* Stored dataset items:
■ ■ ■ ■ ■

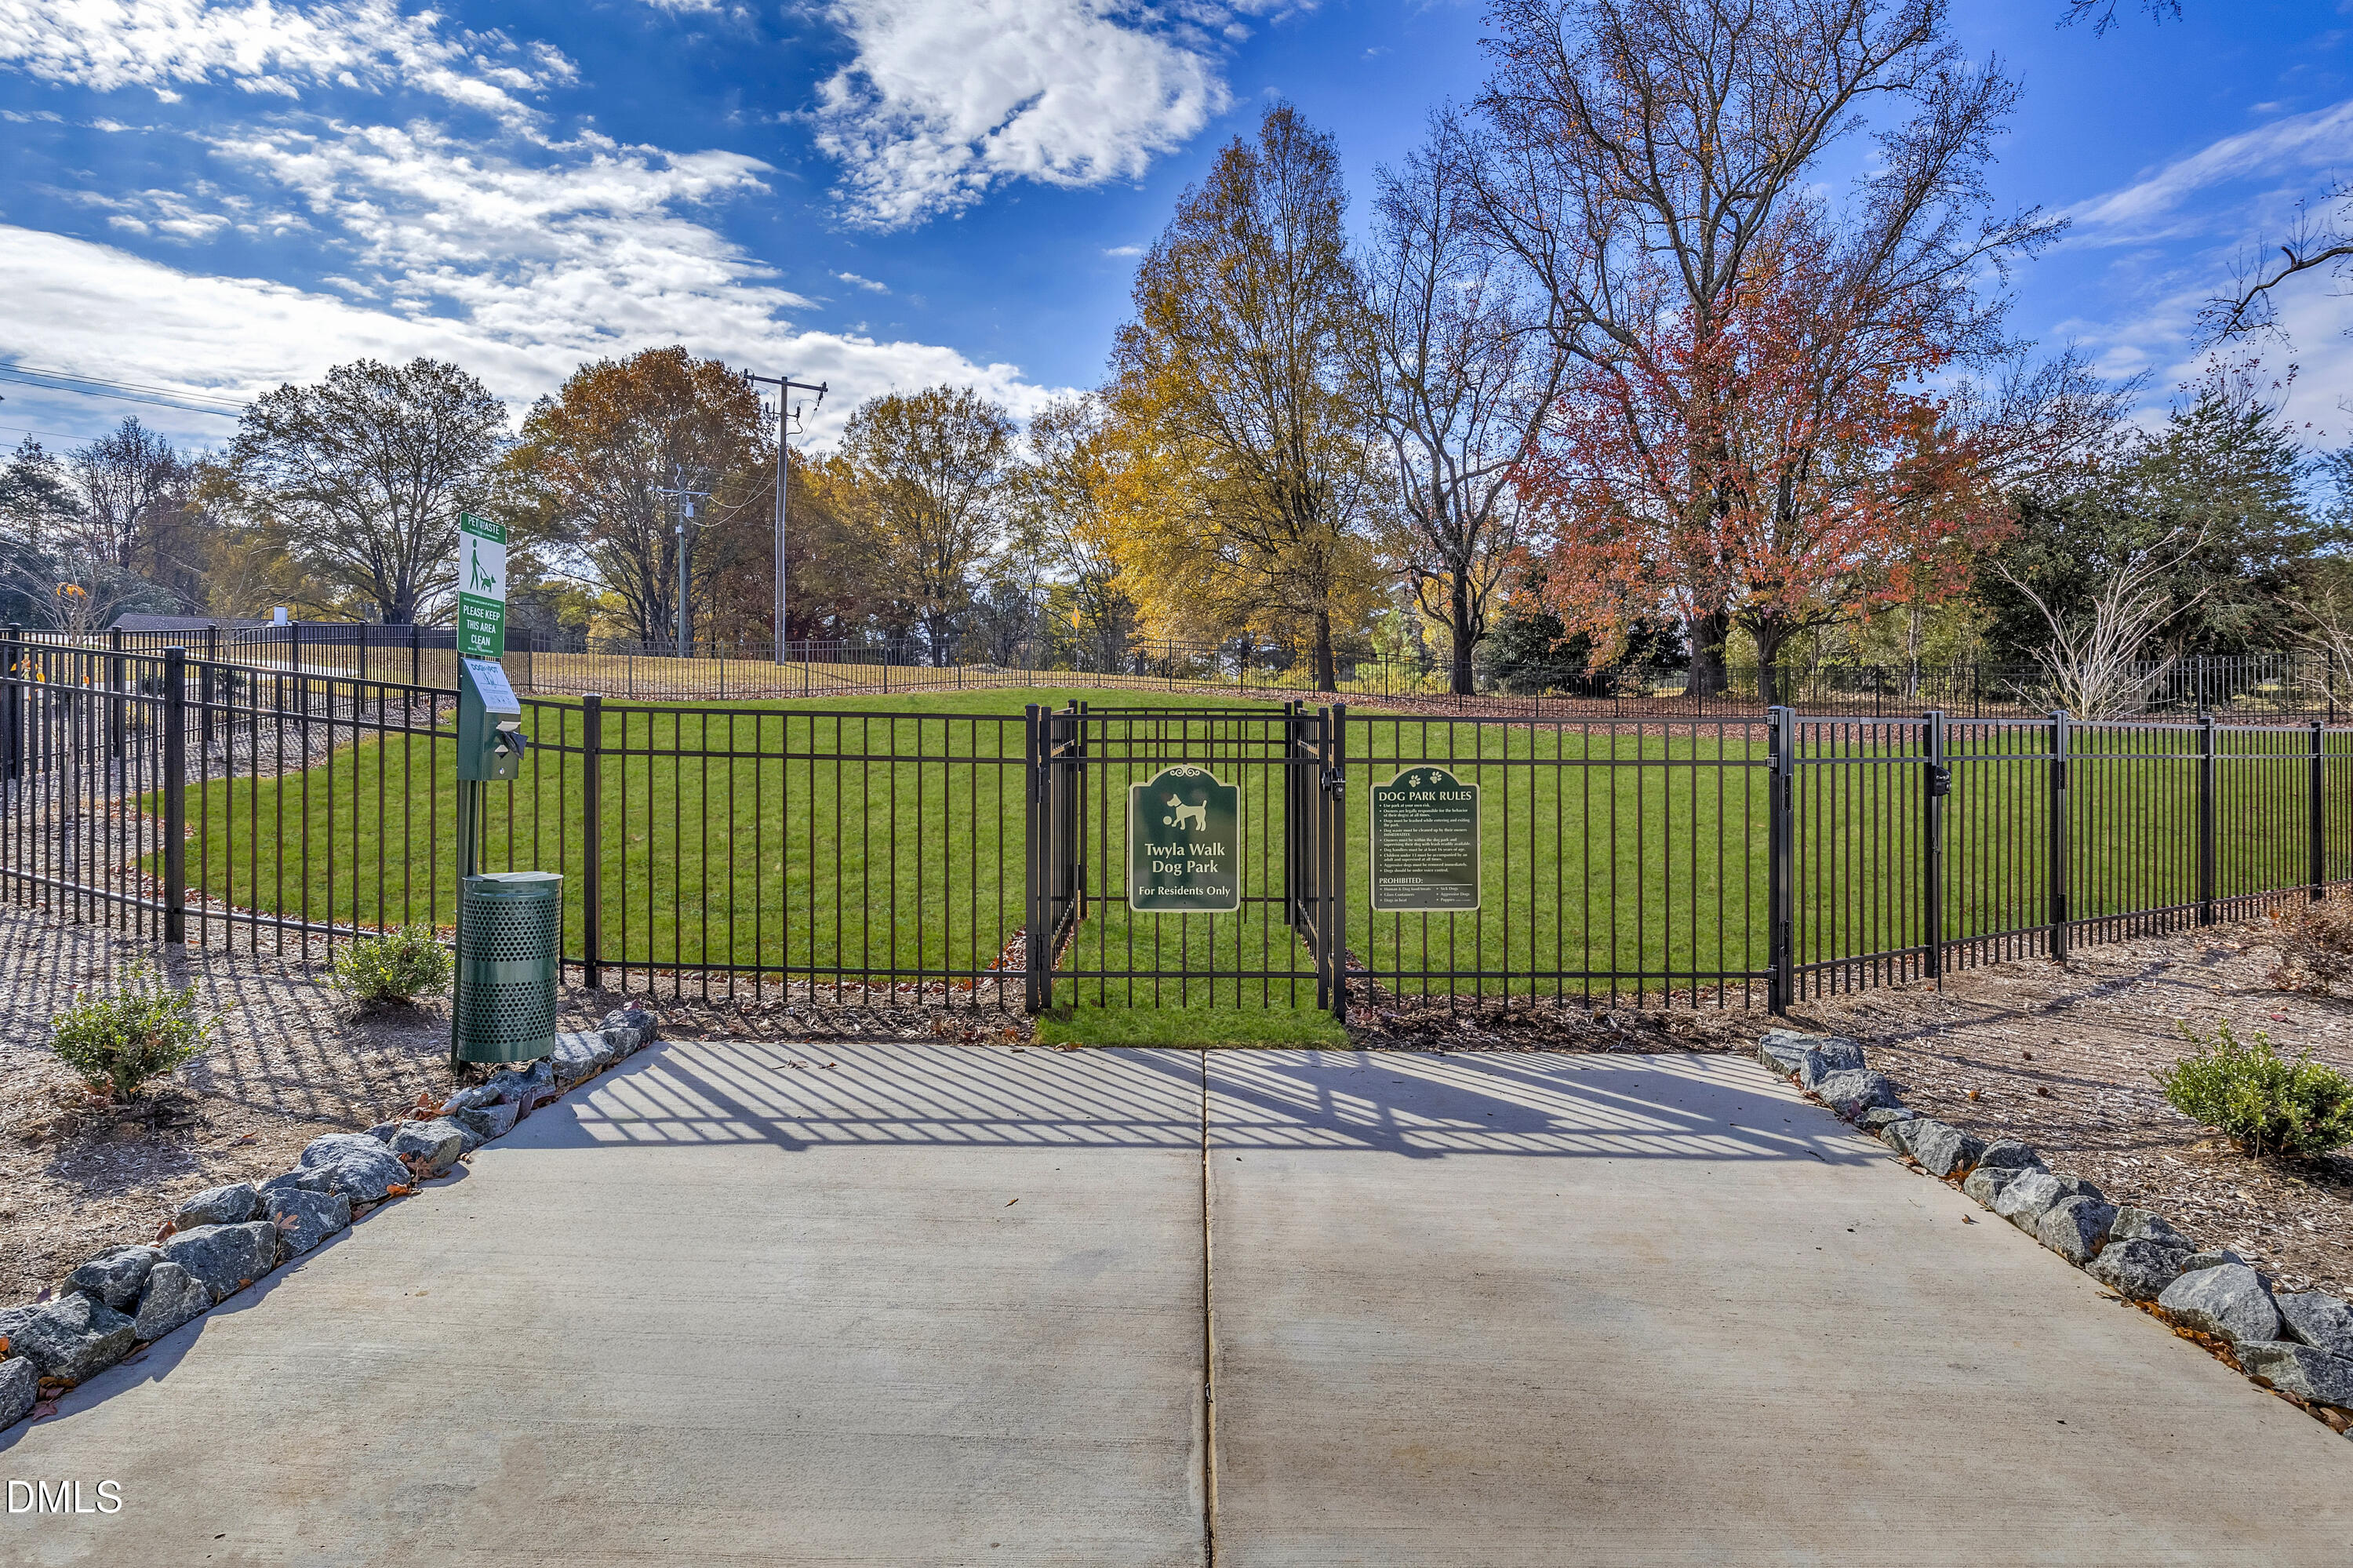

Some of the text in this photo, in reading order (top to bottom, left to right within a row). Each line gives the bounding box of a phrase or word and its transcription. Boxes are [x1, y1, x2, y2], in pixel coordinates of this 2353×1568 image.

[468, 516, 479, 527] PET
[480, 520, 500, 535] WASTE
[463, 605, 500, 621] PLEASE KEEP
[466, 619, 496, 634] THIS AREA
[471, 634, 490, 646] CLEAN
[1379, 791, 1472, 801] DOG PARK RULES
[1144, 842, 1225, 859] Twyla Walk
[1152, 860, 1218, 876] Dog Park
[1139, 886, 1230, 897] For Residents Only
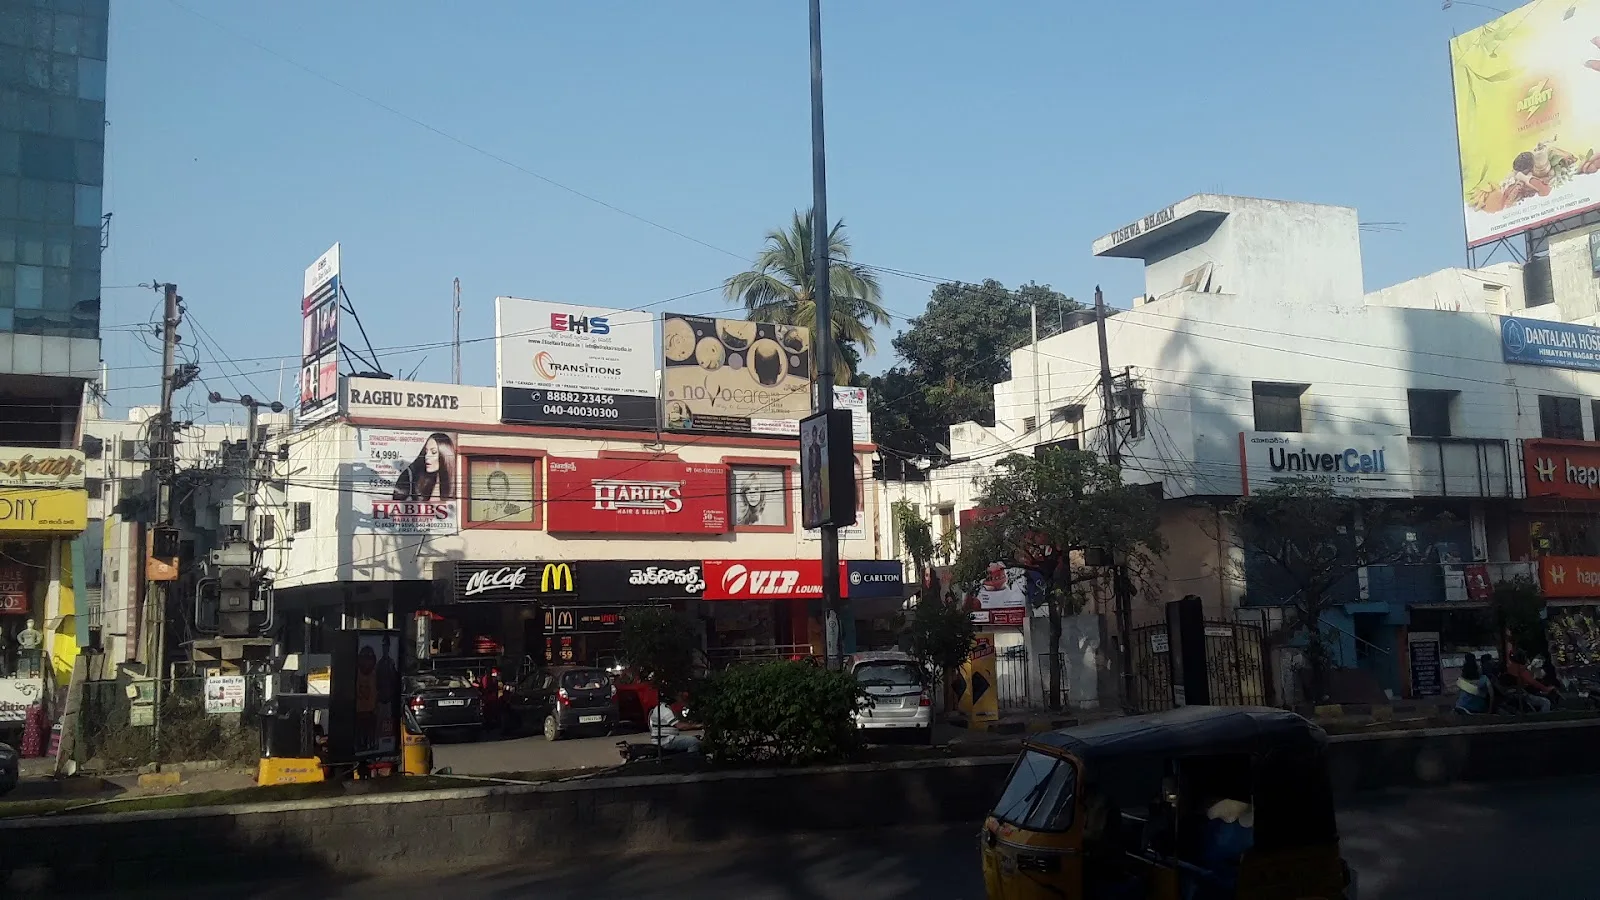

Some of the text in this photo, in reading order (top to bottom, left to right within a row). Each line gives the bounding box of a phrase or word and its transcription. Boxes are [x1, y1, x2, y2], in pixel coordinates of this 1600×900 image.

[1110, 205, 1175, 245] VISHWA BHAVAN
[551, 312, 610, 335] EHS
[1525, 327, 1578, 348] DANTALAYA
[1539, 348, 1572, 357] HIMAYATH
[1573, 351, 1594, 360] NAGAR
[350, 388, 459, 410] RAGHU ESTATE
[546, 391, 615, 405] 88882 23456
[543, 404, 619, 419] 040-40030300
[1268, 447, 1386, 473] UniverCell
[1337, 475, 1360, 484] Expert
[592, 484, 683, 513] HABIBS
[371, 503, 449, 519] HABIBS
[864, 574, 900, 582] CARLTON

■ ■ ■ ■ ■

* Problem to work on:
None of the lines before the one containing "this 1600×900 image." belong in the answer; reproduce that line and all later lines of the records exactly.

* Your solution:
Some of the text in this photo, in reading order (top to bottom, left to right within a row). Each line gives the bounding box of a phrase or word and its transcription. Boxes are [x1, y1, x2, y2], in pixel coordinates of this 1600×900 image.

[1110, 205, 1175, 245] VISHWA BHAVAN
[551, 312, 610, 335] EHS
[1525, 327, 1578, 348] DANTALAYA
[1539, 348, 1572, 357] HIMAYATH
[1573, 351, 1594, 360] NAGAR
[350, 388, 459, 410] RAGHU ESTATE
[546, 391, 615, 405] 88882 23456
[543, 404, 619, 419] 040-40030300
[1268, 447, 1386, 473] UniverCell
[1337, 475, 1360, 484] Expert
[592, 484, 683, 513] HABIBS
[371, 503, 449, 519] HABIBS
[864, 574, 900, 582] CARLTON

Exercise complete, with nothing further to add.